In 1813, San Carlos returned from his exile with the decline of Napoleon's power. He drafted and negotiated the Treaty of Valençay with France, which recognized Ferdinand VII as legitimate king of Spain and the restitution of the occupied territories. Appointed special envoy to Madrid, San Carlos negotiated with the Council of Regency the terms of the return of the Bourbon king.

After the Absolutist Restauration under King Fernando VII of Spain in 1814, he became Secretary of State (Prime Minister of Spain) between May and November 1814.

Later, he was Spanish ambassador or envoy in Saint-Petersburg, Paris, Vienna, Lisbon and London (1817-1820), Knight in the Order of the Golden Fleece (1814), Knight of the Military Order of Alcantara and other knighthoods in France, Naples, Prussia, Hungary, and Russia.

He was also the director of the Royal Spanish Academy from 1814 to 1828, three times Mayordomo mayor to the King, Captain general of the Army (1827-1828) and Director of the problematic Banco de San Carlos, founded in 1782 by the French – Spanish financier Francisco Cabarrus.
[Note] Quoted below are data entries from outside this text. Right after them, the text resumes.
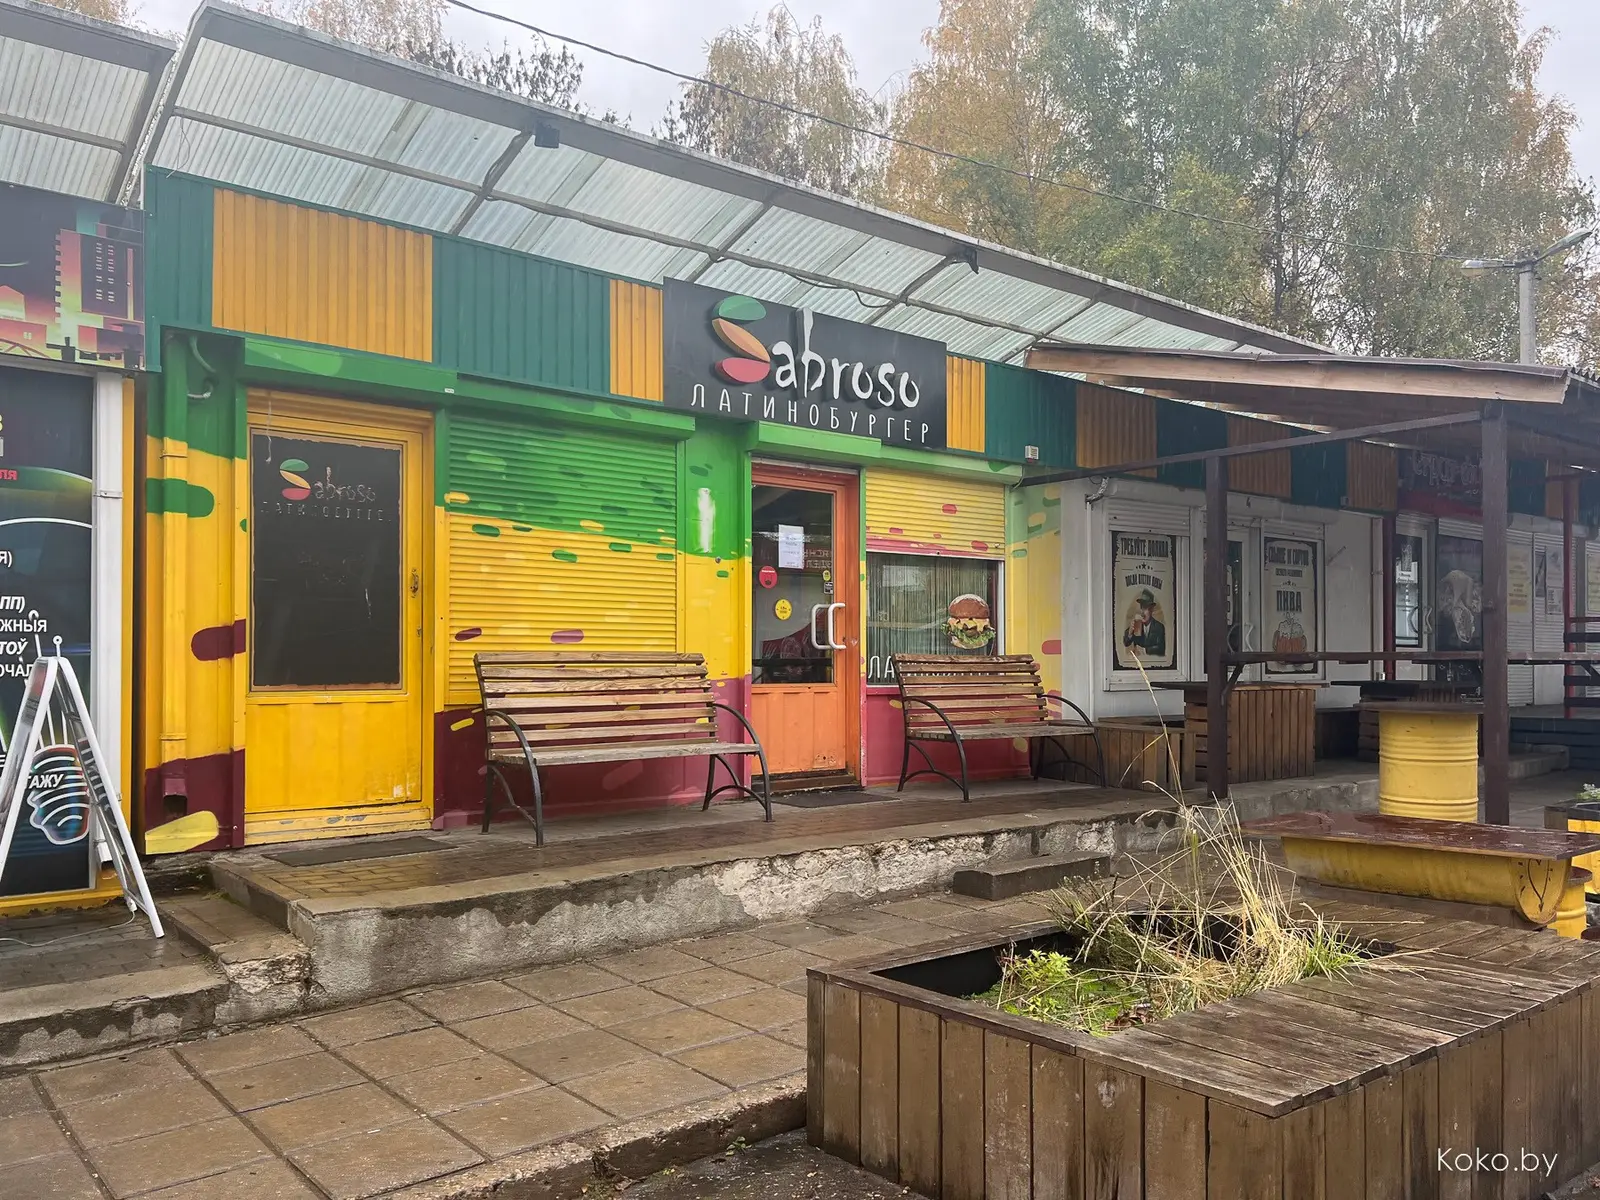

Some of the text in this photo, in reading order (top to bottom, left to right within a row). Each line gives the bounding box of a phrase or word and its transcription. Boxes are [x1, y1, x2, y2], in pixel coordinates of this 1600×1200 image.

[711, 295, 920, 408] Sabroso
[691, 383, 929, 443] ЛАТИНОБУРГЕР
[1276, 589, 1302, 613] ПИВА
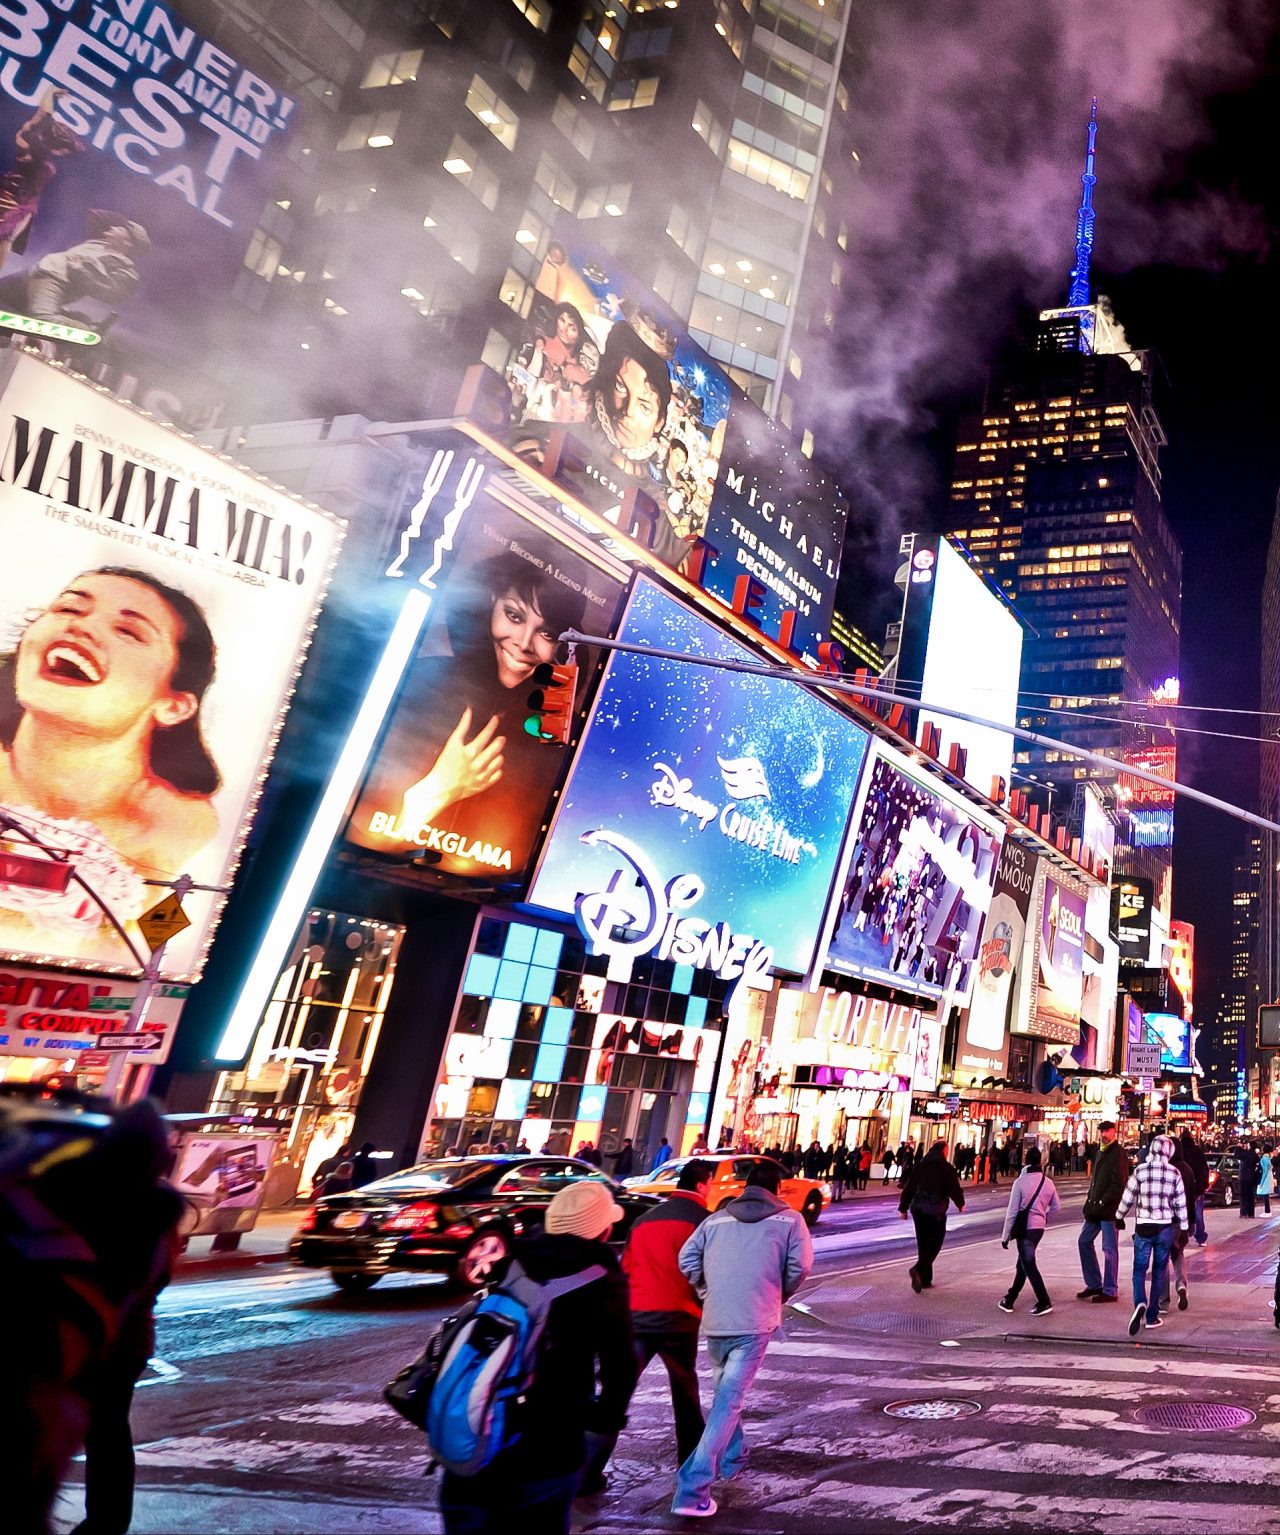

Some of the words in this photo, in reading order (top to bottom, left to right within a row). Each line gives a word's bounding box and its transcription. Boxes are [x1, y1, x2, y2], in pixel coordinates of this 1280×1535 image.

[0, 0, 262, 184] BEST
[89, 8, 172, 74] TONY
[174, 70, 276, 144] AWARD
[0, 414, 200, 550] MAMMA
[213, 499, 312, 586] MIA!
[725, 467, 836, 580] MICHAEL
[730, 516, 757, 550] THE
[758, 543, 783, 572] NEW
[784, 563, 822, 605] ALBUM
[736, 547, 799, 608] DECEMBER
[798, 599, 811, 618] 14
[368, 810, 512, 871] BLACKGLAMA
[1004, 842, 1026, 868] NYC's
[1059, 905, 1083, 938] SEOUL
[105, 1037, 126, 1046] ONE
[813, 985, 922, 1055] FOREVER
[1136, 1056, 1154, 1064] MUST
[970, 1101, 1002, 1121] PLANET
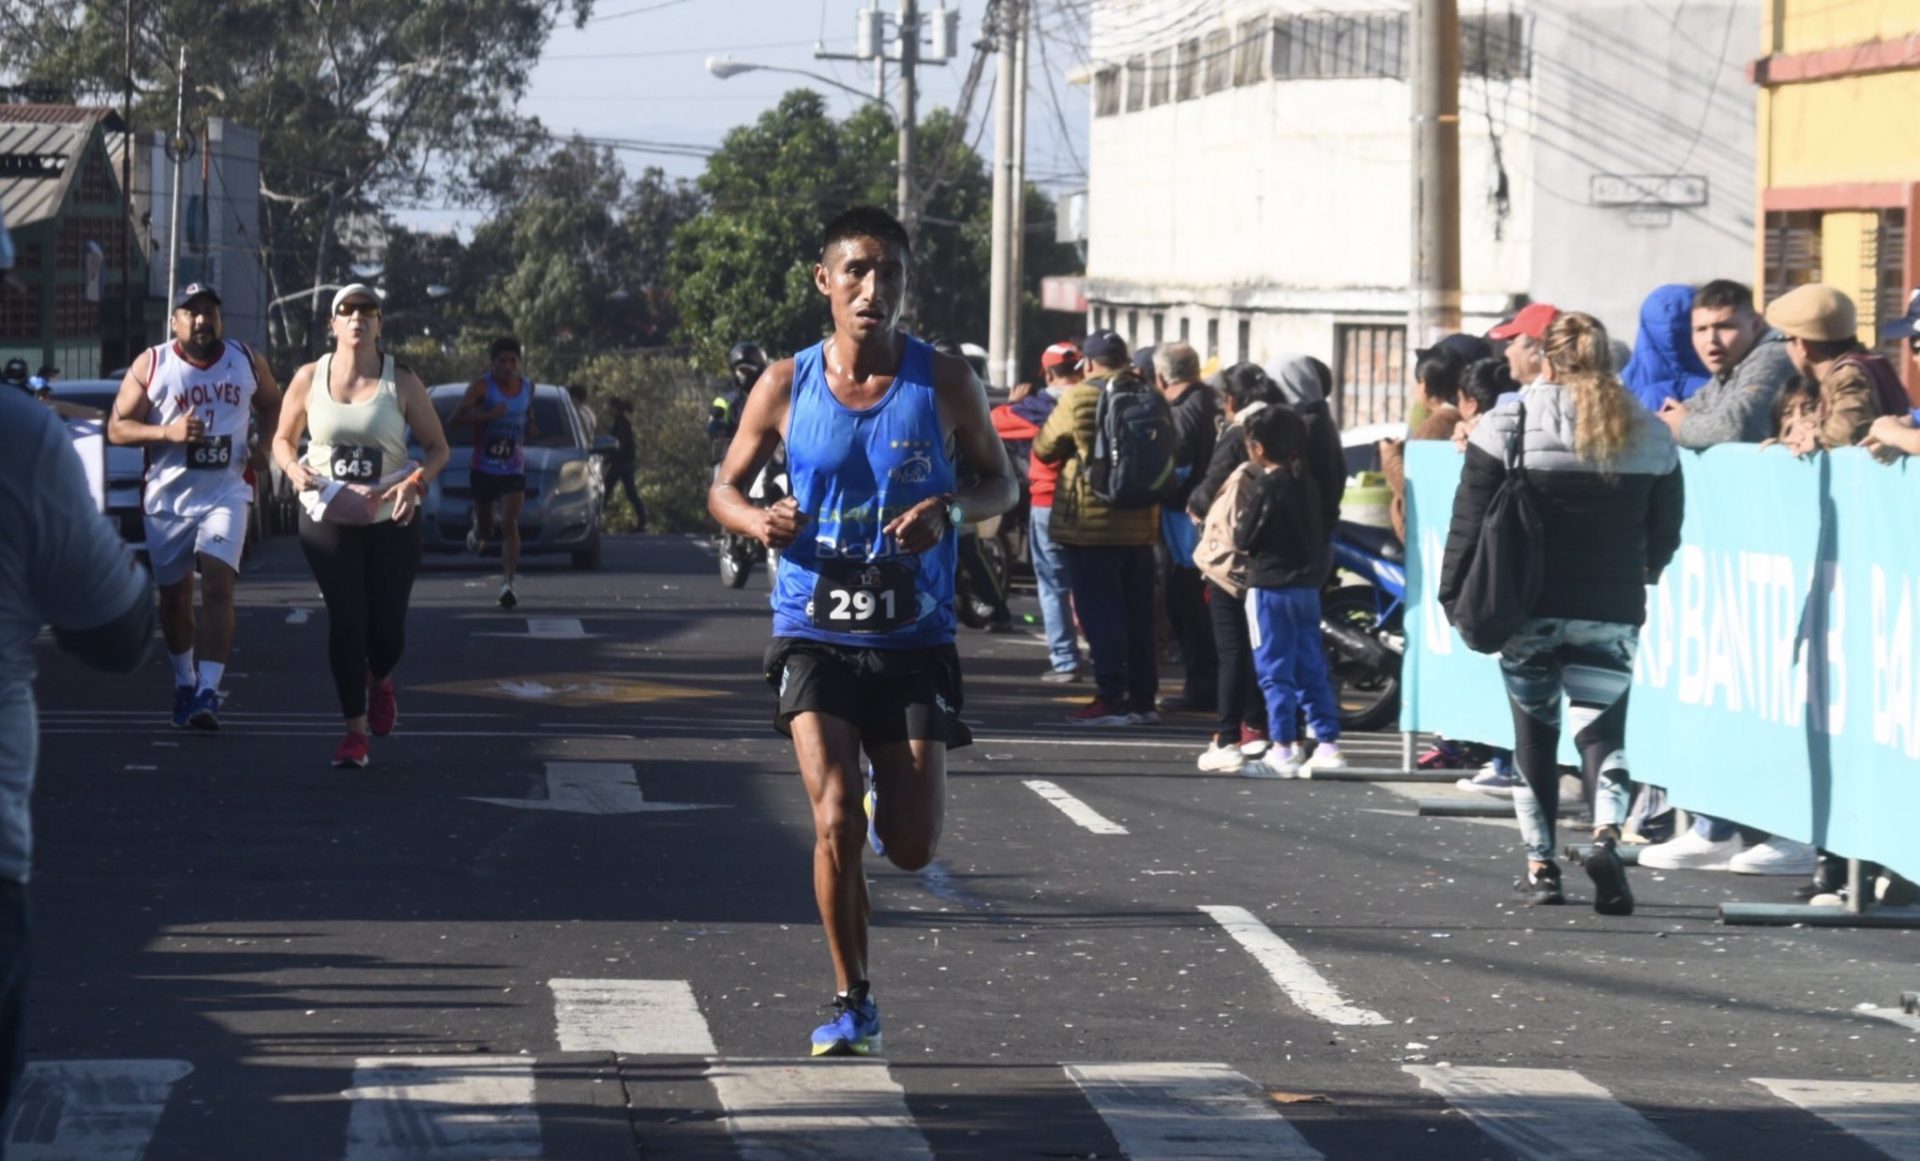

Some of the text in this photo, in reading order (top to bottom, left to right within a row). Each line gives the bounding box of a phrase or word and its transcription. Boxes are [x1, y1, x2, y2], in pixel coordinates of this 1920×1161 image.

[174, 382, 241, 413] WOLVES
[195, 447, 228, 463] 656
[334, 458, 372, 477] 643
[829, 589, 895, 620] 291
[1678, 544, 1847, 736] BANTRAB
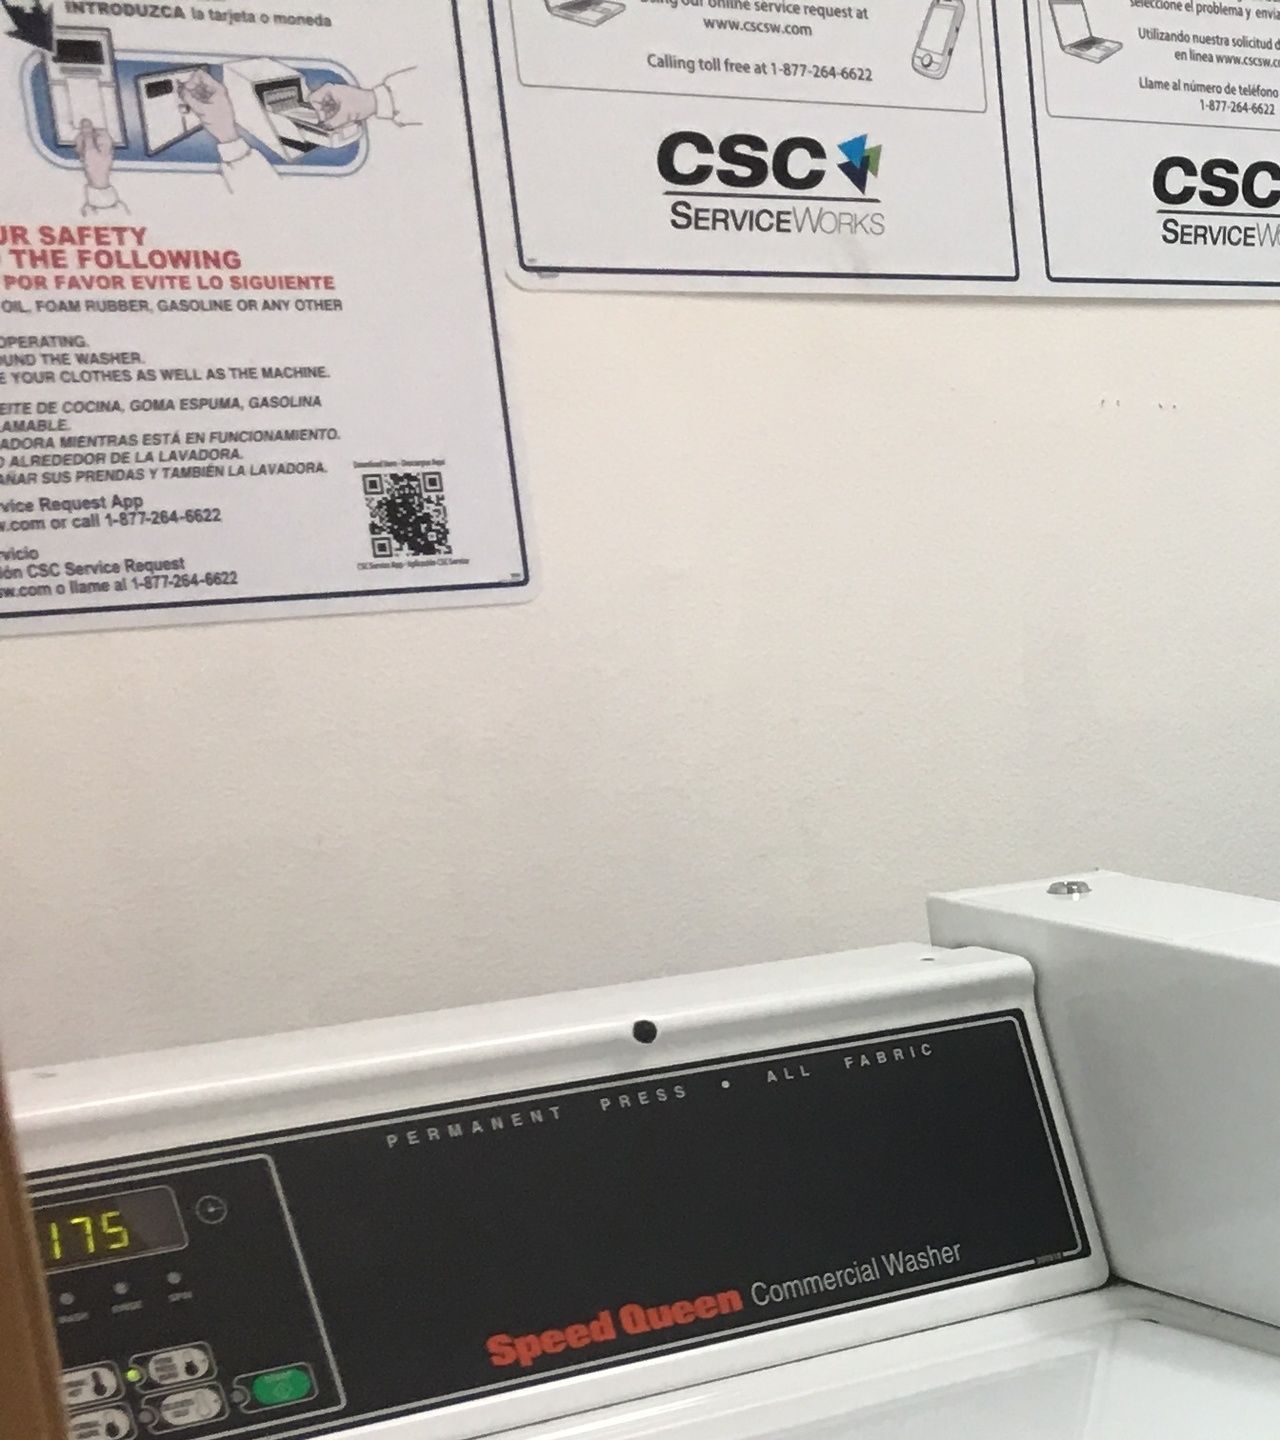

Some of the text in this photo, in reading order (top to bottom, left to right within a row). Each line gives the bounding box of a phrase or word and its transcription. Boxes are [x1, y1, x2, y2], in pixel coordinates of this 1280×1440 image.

[753, 0, 801, 14] service
[802, 4, 853, 19] request
[855, 7, 869, 20] at
[1184, 0, 1193, 12] el
[1195, 0, 1244, 16] problema
[1244, 7, 1251, 21] y
[702, 18, 812, 36] www.cscsw.com
[1137, 27, 1191, 43] Utilizando
[1191, 34, 1230, 46] nuestra
[1230, 35, 1273, 50] solicitud
[1173, 50, 1188, 61] en
[646, 53, 873, 81] Calling toll free at 1-877-264-6622
[1138, 76, 1170, 90] Llame
[1171, 78, 1181, 91] al
[1182, 80, 1222, 94] número
[1223, 81, 1237, 95] de
[1237, 83, 1279, 98] teléfono
[1199, 99, 1276, 116] 1-877-264-6622
[656, 131, 826, 190] CSC
[37, 225, 146, 246] SAFETY
[8, 249, 241, 269] THE FOLLOWING
[2, 274, 335, 290] POR FAVOR EVITE LO SIGUIENTE
[34, 299, 81, 312] FOAM
[83, 299, 153, 312] RUBBER,
[155, 298, 233, 312] GASOLINE
[235, 298, 258, 312] OR
[260, 298, 290, 311] ANY
[294, 298, 343, 311] OTHER
[38, 352, 71, 365] THE
[73, 352, 146, 365] WASHER.
[9, 366, 330, 384] YOUR CLOTHES AS WELL AS THE MACHINE.
[35, 400, 58, 415] DE
[61, 400, 125, 414] COCINA,
[128, 398, 175, 412] GOMA
[178, 397, 244, 410] ESPUMA,
[247, 395, 322, 408] GASOLINA
[58, 434, 139, 448] MIENTRAS
[141, 431, 181, 446] ESTÁ
[184, 431, 205, 444] EN
[208, 428, 340, 443] FUNCIONAMIENTO.
[7, 447, 243, 467] ALREDEDOR DE LA LAVADORA.
[40, 470, 72, 484] SUS
[74, 468, 145, 482] PRENDAS
[148, 467, 159, 479] Y
[161, 464, 225, 478] TAMBIÉN
[227, 464, 246, 477] LA
[249, 461, 327, 476] LAVADORA.
[37, 496, 107, 513] Request
[110, 494, 144, 512] App
[49, 517, 67, 530] or
[70, 512, 100, 528] call
[103, 507, 222, 526] 1-877-264-6622
[25, 562, 61, 578] CSC
[63, 560, 121, 576] Service
[123, 557, 185, 574] Request
[54, 583, 66, 595] o
[68, 579, 110, 594] llame
[113, 577, 128, 592] al
[130, 571, 238, 589] 1-877-264-6622
[386, 1043, 932, 1149] PERMANENT PRESS ALL FABRIC
[50, 1210, 129, 1260] 175
[485, 1243, 961, 1367] Speed Queen Commercial Washer
=== Marriage and children ===
He married twice : first with María del Rosario de Silva, Countess of Fuenclara, Duchess of Arenberg, First Class Grandee of Spain, from whose marriage he had no children. After her death in 1802, he married the next year María Eulalia de Queralt y Silva (1787-1863), daughter of the Counts of Santa Coloma, Grandee of Spain and niece of his previous wife.

From this marriage he had 6 children, including :
- José Fernando de Carvajal-Vargas y Queralt (1808-1872), III Duke of San Carlos and heir to all his father's titles.
- Maria Luisa (1804-1843), married in Bordeaux, France in 1821, Vicente Osorio de Moscoso, 13th Count of Altamira, (1801–1864), and holder of 14 Grandees of Spain.